Eriospermum bayeri

Scientific classification
- Kingdom: Plantae
- Clade: Embryophytes
- Clade: Tracheophytes
- Clade: Angiosperms
- Clade: Monocots
- Order: Asparagales
- Family: Asparagaceae
- Subfamily: Convallarioideae
- Genus: Eriospermum
- Species: E. bayeri
- Binomial name: Eriospermum bayeri Perry

= Eriospermum bayeri =

- Authority: Perry

Species of flowering plant

Eriospermum bayeri is a species of geophytic plant of the genus Eriospermum, indigenous to the Western Cape Province, South Africa.

==Description==
This species has a single, erect, slender, lanceolate-attenuate, petiolate leaf (100mm x 25mm), which has slightly wavy margins. The leaf appears from April to October (southern hemisphere). The tuber is irregular or slightly pear-shaped.
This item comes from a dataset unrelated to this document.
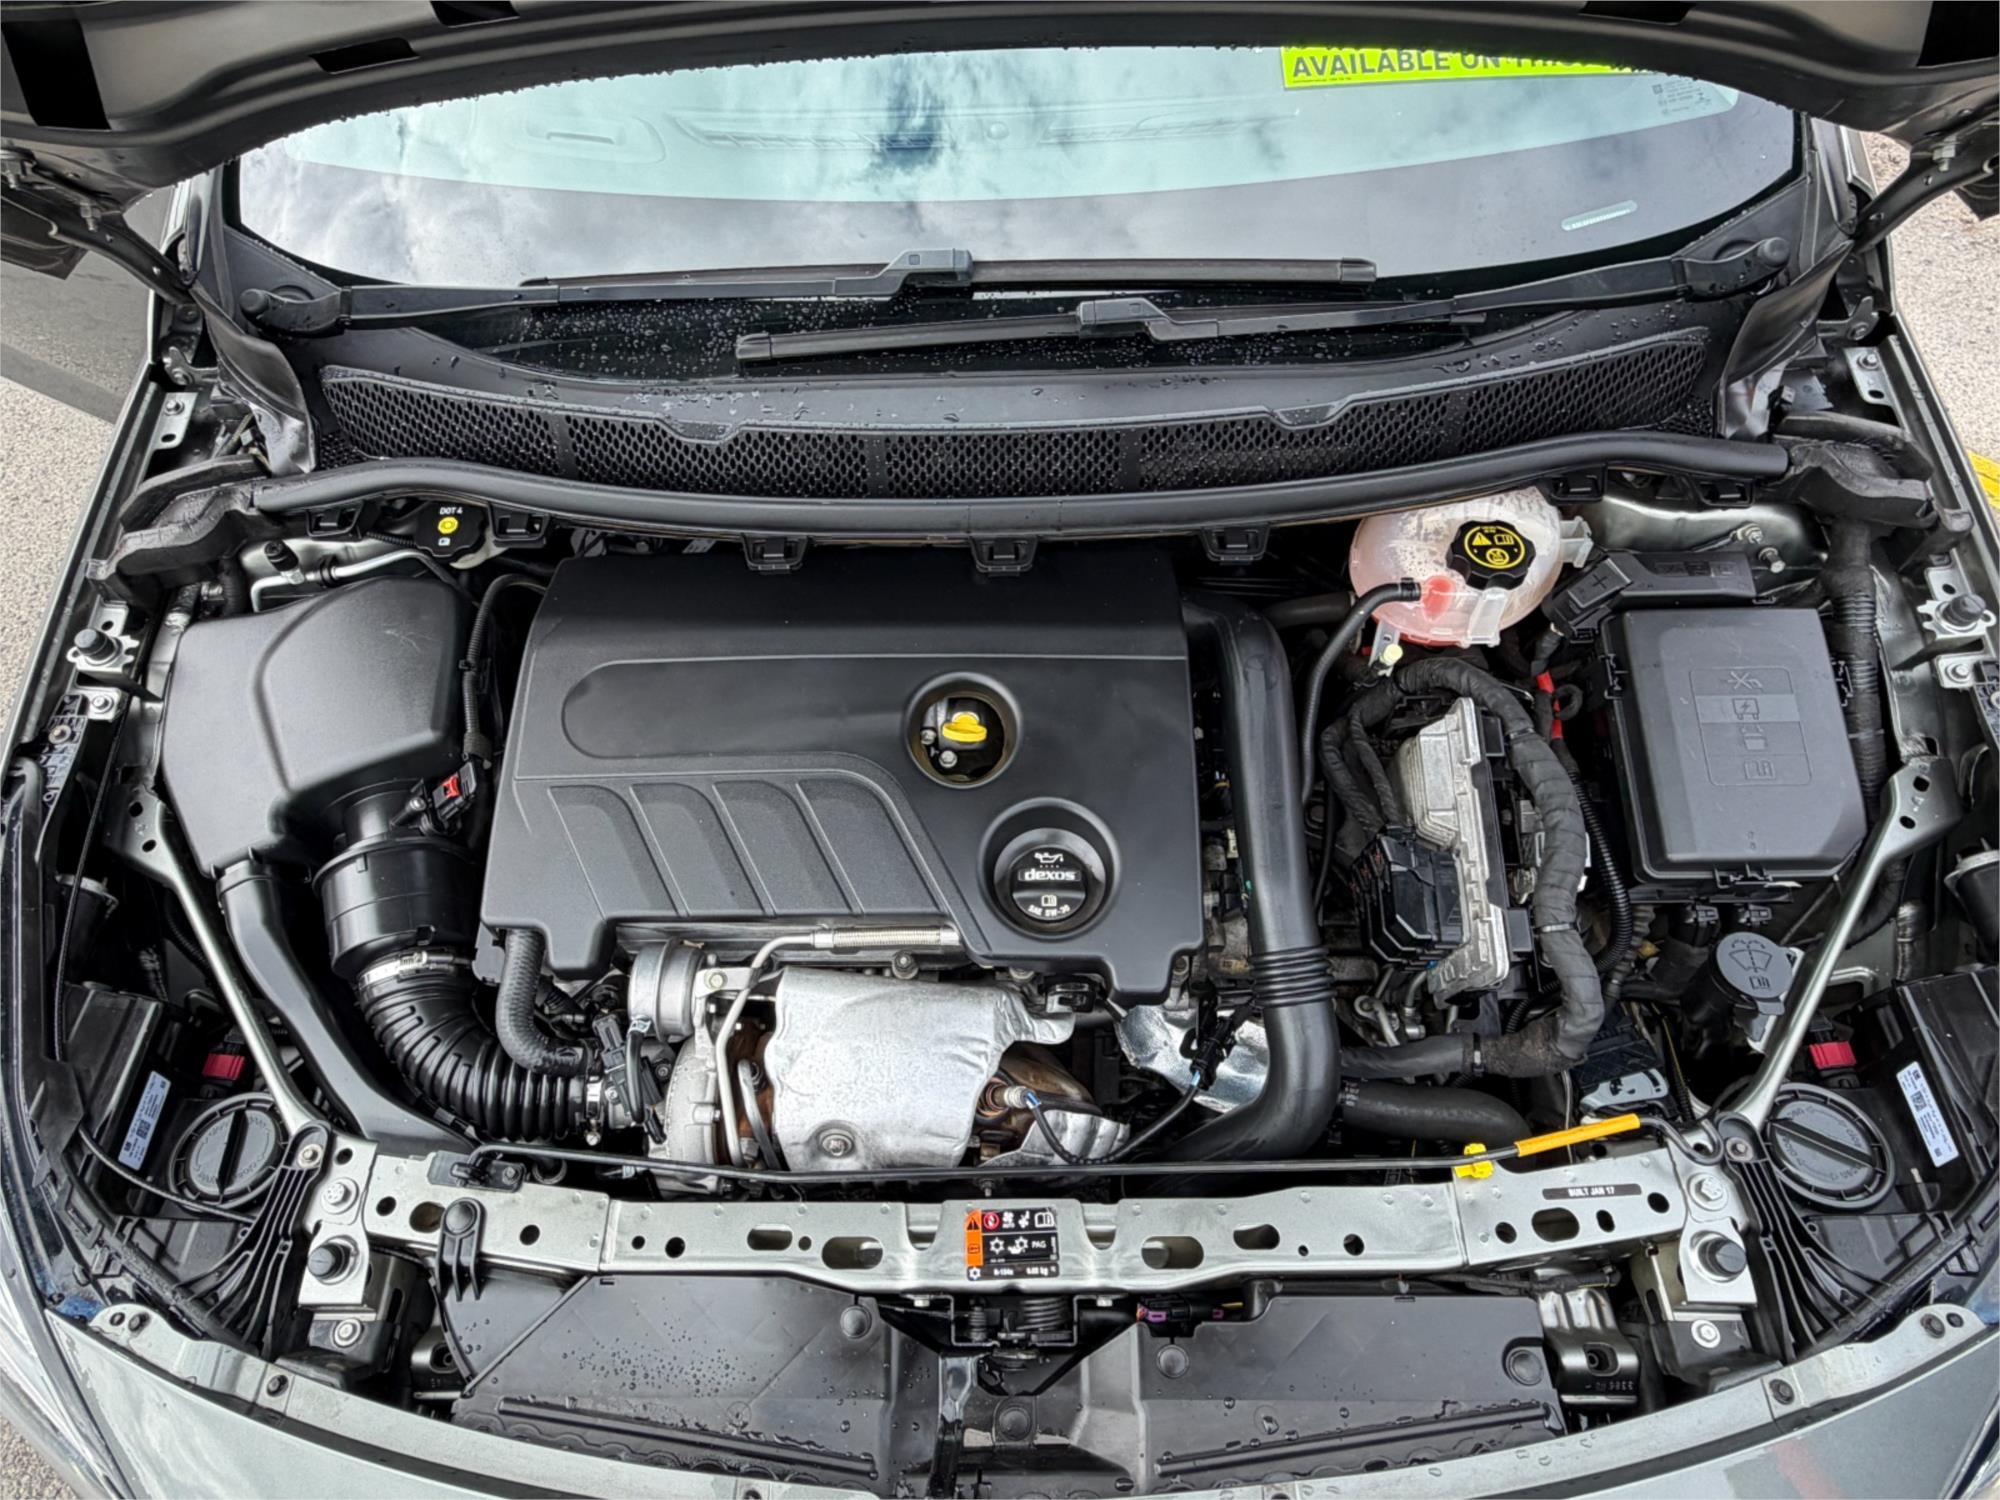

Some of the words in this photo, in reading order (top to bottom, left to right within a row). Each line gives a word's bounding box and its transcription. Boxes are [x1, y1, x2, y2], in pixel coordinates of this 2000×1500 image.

The flowers appear after the leaf is already dry, from March until May, on a thin, slender raceme.

===Related species===
This is one of several species that have slender, erect, lanceolate or linear leaves, including Eriospermum exile, Eriospermum graminifolium and Eriospermum lanceifolium.

Eriospermum lanceifolium also has an erect, lanceolate leaf, but its leaf is larger (160mm long; 48mm wide) than that of E.bayeri (100mm long; 25mm wide), and its leaf has a margin that is more strongly undulate, and often hairy. The leaf of Eriospermum lanceifolium is also a blue-green colour and has a leathery texture.

Vegetatively it resembles Eriospermum crispum, a species known only from Calitzdorp, but the lamina of the latter species is more firm and crisped.

==Distribution and habitat==
Eriospermum bayeri is indigenous to the south western Cape, in the Robertson Karoo, from Worcester eastwards into the western Little Karoo and northwards into the Tanqua Karoo.

It is usually found on low, flat but rocky terrain, usually on shale, often in shale renosterveld vegetation.